(Data records)
____
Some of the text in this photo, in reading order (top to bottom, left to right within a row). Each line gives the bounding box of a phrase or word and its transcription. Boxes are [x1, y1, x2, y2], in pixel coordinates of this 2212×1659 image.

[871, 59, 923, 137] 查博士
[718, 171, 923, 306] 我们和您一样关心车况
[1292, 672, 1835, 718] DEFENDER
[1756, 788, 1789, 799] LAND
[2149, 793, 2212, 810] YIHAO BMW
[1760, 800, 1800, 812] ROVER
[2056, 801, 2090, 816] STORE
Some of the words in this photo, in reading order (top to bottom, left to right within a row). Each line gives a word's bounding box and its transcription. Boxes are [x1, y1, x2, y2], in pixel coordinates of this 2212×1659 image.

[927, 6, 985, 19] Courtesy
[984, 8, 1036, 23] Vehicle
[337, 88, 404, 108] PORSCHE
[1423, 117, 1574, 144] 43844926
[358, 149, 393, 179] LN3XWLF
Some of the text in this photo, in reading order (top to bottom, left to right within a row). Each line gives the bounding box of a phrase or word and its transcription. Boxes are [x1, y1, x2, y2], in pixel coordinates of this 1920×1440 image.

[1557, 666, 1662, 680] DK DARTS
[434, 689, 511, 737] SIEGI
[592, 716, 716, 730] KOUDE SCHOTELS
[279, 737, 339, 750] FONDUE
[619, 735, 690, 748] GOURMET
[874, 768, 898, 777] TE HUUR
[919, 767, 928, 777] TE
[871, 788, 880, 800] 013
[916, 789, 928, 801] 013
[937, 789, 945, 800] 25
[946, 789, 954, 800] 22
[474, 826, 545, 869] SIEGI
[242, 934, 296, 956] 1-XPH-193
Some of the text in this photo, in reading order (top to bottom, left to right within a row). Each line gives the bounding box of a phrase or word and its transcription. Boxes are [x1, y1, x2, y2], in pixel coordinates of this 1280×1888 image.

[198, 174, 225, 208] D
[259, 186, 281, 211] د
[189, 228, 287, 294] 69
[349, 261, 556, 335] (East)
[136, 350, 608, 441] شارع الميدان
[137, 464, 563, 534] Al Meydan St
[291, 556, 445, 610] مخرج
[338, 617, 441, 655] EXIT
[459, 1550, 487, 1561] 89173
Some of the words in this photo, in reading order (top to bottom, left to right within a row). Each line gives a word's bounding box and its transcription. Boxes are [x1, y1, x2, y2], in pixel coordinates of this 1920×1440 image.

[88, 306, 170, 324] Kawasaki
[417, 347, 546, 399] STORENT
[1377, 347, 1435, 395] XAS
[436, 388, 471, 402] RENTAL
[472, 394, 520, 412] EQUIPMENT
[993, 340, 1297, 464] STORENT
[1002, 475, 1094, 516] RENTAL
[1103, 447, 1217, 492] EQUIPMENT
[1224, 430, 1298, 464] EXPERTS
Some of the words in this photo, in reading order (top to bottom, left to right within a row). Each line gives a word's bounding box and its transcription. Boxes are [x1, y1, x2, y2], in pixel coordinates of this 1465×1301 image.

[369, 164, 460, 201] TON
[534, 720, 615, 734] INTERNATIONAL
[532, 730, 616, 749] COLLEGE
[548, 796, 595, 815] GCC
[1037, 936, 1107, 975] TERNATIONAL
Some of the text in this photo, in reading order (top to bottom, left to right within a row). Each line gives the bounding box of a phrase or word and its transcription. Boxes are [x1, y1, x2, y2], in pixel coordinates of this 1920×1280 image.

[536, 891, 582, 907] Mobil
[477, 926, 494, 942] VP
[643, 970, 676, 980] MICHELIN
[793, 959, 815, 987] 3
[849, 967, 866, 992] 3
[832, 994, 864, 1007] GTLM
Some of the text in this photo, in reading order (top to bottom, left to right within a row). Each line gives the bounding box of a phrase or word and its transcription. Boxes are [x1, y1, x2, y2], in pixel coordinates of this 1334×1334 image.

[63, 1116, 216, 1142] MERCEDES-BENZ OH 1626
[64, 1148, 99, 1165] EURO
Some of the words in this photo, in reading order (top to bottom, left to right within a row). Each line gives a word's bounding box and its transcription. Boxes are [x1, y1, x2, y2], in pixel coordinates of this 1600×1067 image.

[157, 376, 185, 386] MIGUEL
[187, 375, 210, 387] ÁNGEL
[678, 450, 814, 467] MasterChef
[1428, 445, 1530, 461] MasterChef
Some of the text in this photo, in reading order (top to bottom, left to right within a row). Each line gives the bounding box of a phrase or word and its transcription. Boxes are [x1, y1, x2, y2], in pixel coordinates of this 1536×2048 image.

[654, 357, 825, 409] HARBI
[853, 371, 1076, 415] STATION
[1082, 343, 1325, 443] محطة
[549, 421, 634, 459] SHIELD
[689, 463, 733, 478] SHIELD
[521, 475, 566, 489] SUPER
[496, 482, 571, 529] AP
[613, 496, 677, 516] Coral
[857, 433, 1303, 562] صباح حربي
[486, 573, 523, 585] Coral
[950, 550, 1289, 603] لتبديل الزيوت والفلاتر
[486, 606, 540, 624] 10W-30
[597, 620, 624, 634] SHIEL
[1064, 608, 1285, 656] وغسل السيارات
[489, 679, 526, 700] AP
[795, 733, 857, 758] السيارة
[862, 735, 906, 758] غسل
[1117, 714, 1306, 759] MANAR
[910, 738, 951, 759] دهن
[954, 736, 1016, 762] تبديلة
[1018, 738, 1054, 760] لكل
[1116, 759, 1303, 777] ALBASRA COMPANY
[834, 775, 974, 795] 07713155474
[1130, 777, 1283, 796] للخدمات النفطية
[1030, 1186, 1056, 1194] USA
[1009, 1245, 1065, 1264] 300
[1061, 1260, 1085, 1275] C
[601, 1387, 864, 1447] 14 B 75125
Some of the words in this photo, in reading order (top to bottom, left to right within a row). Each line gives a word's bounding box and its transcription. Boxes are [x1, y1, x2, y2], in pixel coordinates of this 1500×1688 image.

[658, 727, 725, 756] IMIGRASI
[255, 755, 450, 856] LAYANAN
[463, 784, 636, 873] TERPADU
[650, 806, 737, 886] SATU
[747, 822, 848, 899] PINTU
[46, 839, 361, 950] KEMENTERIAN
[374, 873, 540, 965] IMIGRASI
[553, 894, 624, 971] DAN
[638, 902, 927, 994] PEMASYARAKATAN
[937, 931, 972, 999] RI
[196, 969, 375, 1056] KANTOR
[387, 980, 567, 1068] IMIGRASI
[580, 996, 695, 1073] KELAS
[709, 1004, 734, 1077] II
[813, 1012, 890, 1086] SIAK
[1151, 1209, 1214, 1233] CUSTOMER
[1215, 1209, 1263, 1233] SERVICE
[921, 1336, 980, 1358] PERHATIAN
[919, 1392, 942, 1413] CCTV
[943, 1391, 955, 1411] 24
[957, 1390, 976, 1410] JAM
____
## [PROBLEM]
Copy the lines above exactly, leaving every word as it is.

## [SOLUTION TO THIS TASK]
Some of the text in this photo, in reading order (top to bottom, left to right within a row). Each line gives the bounding box of a phrase or word and its transcription. Boxes are [x1, y1, x2, y2], in pixel coordinates of this 2212×1659 image.

[871, 59, 923, 137] 查博士
[718, 171, 923, 306] 我们和您一样关心车况
[1292, 672, 1835, 718] DEFENDER
[1756, 788, 1789, 799] LAND
[2149, 793, 2212, 810] YIHAO BMW
[1760, 800, 1800, 812] ROVER
[2056, 801, 2090, 816] STORE
Some of the words in this photo, in reading order (top to bottom, left to right within a row). Each line gives a word's bounding box and its transcription. Boxes are [x1, y1, x2, y2], in pixel coordinates of this 2212×1659 image.

[927, 6, 985, 19] Courtesy
[984, 8, 1036, 23] Vehicle
[337, 88, 404, 108] PORSCHE
[1423, 117, 1574, 144] 43844926
[358, 149, 393, 179] LN3XWLF
Some of the text in this photo, in reading order (top to bottom, left to right within a row). Each line gives the bounding box of a phrase or word and its transcription. Boxes are [x1, y1, x2, y2], in pixel coordinates of this 1920×1440 image.

[1557, 666, 1662, 680] DK DARTS
[434, 689, 511, 737] SIEGI
[592, 716, 716, 730] KOUDE SCHOTELS
[279, 737, 339, 750] FONDUE
[619, 735, 690, 748] GOURMET
[874, 768, 898, 777] TE HUUR
[919, 767, 928, 777] TE
[871, 788, 880, 800] 013
[916, 789, 928, 801] 013
[937, 789, 945, 800] 25
[946, 789, 954, 800] 22
[474, 826, 545, 869] SIEGI
[242, 934, 296, 956] 1-XPH-193
Some of the text in this photo, in reading order (top to bottom, left to right within a row). Each line gives the bounding box of a phrase or word and its transcription. Boxes are [x1, y1, x2, y2], in pixel coordinates of this 1280×1888 image.

[198, 174, 225, 208] D
[259, 186, 281, 211] د
[189, 228, 287, 294] 69
[349, 261, 556, 335] (East)
[136, 350, 608, 441] شارع الميدان
[137, 464, 563, 534] Al Meydan St
[291, 556, 445, 610] مخرج
[338, 617, 441, 655] EXIT
[459, 1550, 487, 1561] 89173
Some of the words in this photo, in reading order (top to bottom, left to right within a row). Each line gives a word's bounding box and its transcription. Boxes are [x1, y1, x2, y2], in pixel coordinates of this 1920×1440 image.

[88, 306, 170, 324] Kawasaki
[417, 347, 546, 399] STORENT
[1377, 347, 1435, 395] XAS
[436, 388, 471, 402] RENTAL
[472, 394, 520, 412] EQUIPMENT
[993, 340, 1297, 464] STORENT
[1002, 475, 1094, 516] RENTAL
[1103, 447, 1217, 492] EQUIPMENT
[1224, 430, 1298, 464] EXPERTS
Some of the words in this photo, in reading order (top to bottom, left to right within a row). Each line gives a word's bounding box and its transcription. Boxes are [x1, y1, x2, y2], in pixel coordinates of this 1465×1301 image.

[369, 164, 460, 201] TON
[534, 720, 615, 734] INTERNATIONAL
[532, 730, 616, 749] COLLEGE
[548, 796, 595, 815] GCC
[1037, 936, 1107, 975] TERNATIONAL
Some of the text in this photo, in reading order (top to bottom, left to right within a row). Each line gives the bounding box of a phrase or word and its transcription. Boxes are [x1, y1, x2, y2], in pixel coordinates of this 1920×1280 image.

[536, 891, 582, 907] Mobil
[477, 926, 494, 942] VP
[643, 970, 676, 980] MICHELIN
[793, 959, 815, 987] 3
[849, 967, 866, 992] 3
[832, 994, 864, 1007] GTLM
Some of the text in this photo, in reading order (top to bottom, left to right within a row). Each line gives the bounding box of a phrase or word and its transcription. Boxes are [x1, y1, x2, y2], in pixel coordinates of this 1334×1334 image.

[63, 1116, 216, 1142] MERCEDES-BENZ OH 1626
[64, 1148, 99, 1165] EURO
Some of the words in this photo, in reading order (top to bottom, left to right within a row). Each line gives a word's bounding box and its transcription. Boxes are [x1, y1, x2, y2], in pixel coordinates of this 1600×1067 image.

[157, 376, 185, 386] MIGUEL
[187, 375, 210, 387] ÁNGEL
[678, 450, 814, 467] MasterChef
[1428, 445, 1530, 461] MasterChef
Some of the text in this photo, in reading order (top to bottom, left to right within a row). Each line gives the bounding box of a phrase or word and its transcription. Boxes are [x1, y1, x2, y2], in pixel coordinates of this 1536×2048 image.

[654, 357, 825, 409] HARBI
[853, 371, 1076, 415] STATION
[1082, 343, 1325, 443] محطة
[549, 421, 634, 459] SHIELD
[689, 463, 733, 478] SHIELD
[521, 475, 566, 489] SUPER
[496, 482, 571, 529] AP
[613, 496, 677, 516] Coral
[857, 433, 1303, 562] صباح حربي
[486, 573, 523, 585] Coral
[950, 550, 1289, 603] لتبديل الزيوت والفلاتر
[486, 606, 540, 624] 10W-30
[597, 620, 624, 634] SHIEL
[1064, 608, 1285, 656] وغسل السيارات
[489, 679, 526, 700] AP
[795, 733, 857, 758] السيارة
[862, 735, 906, 758] غسل
[1117, 714, 1306, 759] MANAR
[910, 738, 951, 759] دهن
[954, 736, 1016, 762] تبديلة
[1018, 738, 1054, 760] لكل
[1116, 759, 1303, 777] ALBASRA COMPANY
[834, 775, 974, 795] 07713155474
[1130, 777, 1283, 796] للخدمات النفطية
[1030, 1186, 1056, 1194] USA
[1009, 1245, 1065, 1264] 300
[1061, 1260, 1085, 1275] C
[601, 1387, 864, 1447] 14 B 75125
Some of the words in this photo, in reading order (top to bottom, left to right within a row). Each line gives a word's bounding box and its transcription. Boxes are [x1, y1, x2, y2], in pixel coordinates of this 1500×1688 image.

[658, 727, 725, 756] IMIGRASI
[255, 755, 450, 856] LAYANAN
[463, 784, 636, 873] TERPADU
[650, 806, 737, 886] SATU
[747, 822, 848, 899] PINTU
[46, 839, 361, 950] KEMENTERIAN
[374, 873, 540, 965] IMIGRASI
[553, 894, 624, 971] DAN
[638, 902, 927, 994] PEMASYARAKATAN
[937, 931, 972, 999] RI
[196, 969, 375, 1056] KANTOR
[387, 980, 567, 1068] IMIGRASI
[580, 996, 695, 1073] KELAS
[709, 1004, 734, 1077] II
[813, 1012, 890, 1086] SIAK
[1151, 1209, 1214, 1233] CUSTOMER
[1215, 1209, 1263, 1233] SERVICE
[921, 1336, 980, 1358] PERHATIAN
[919, 1392, 942, 1413] CCTV
[943, 1391, 955, 1411] 24
[957, 1390, 976, 1410] JAM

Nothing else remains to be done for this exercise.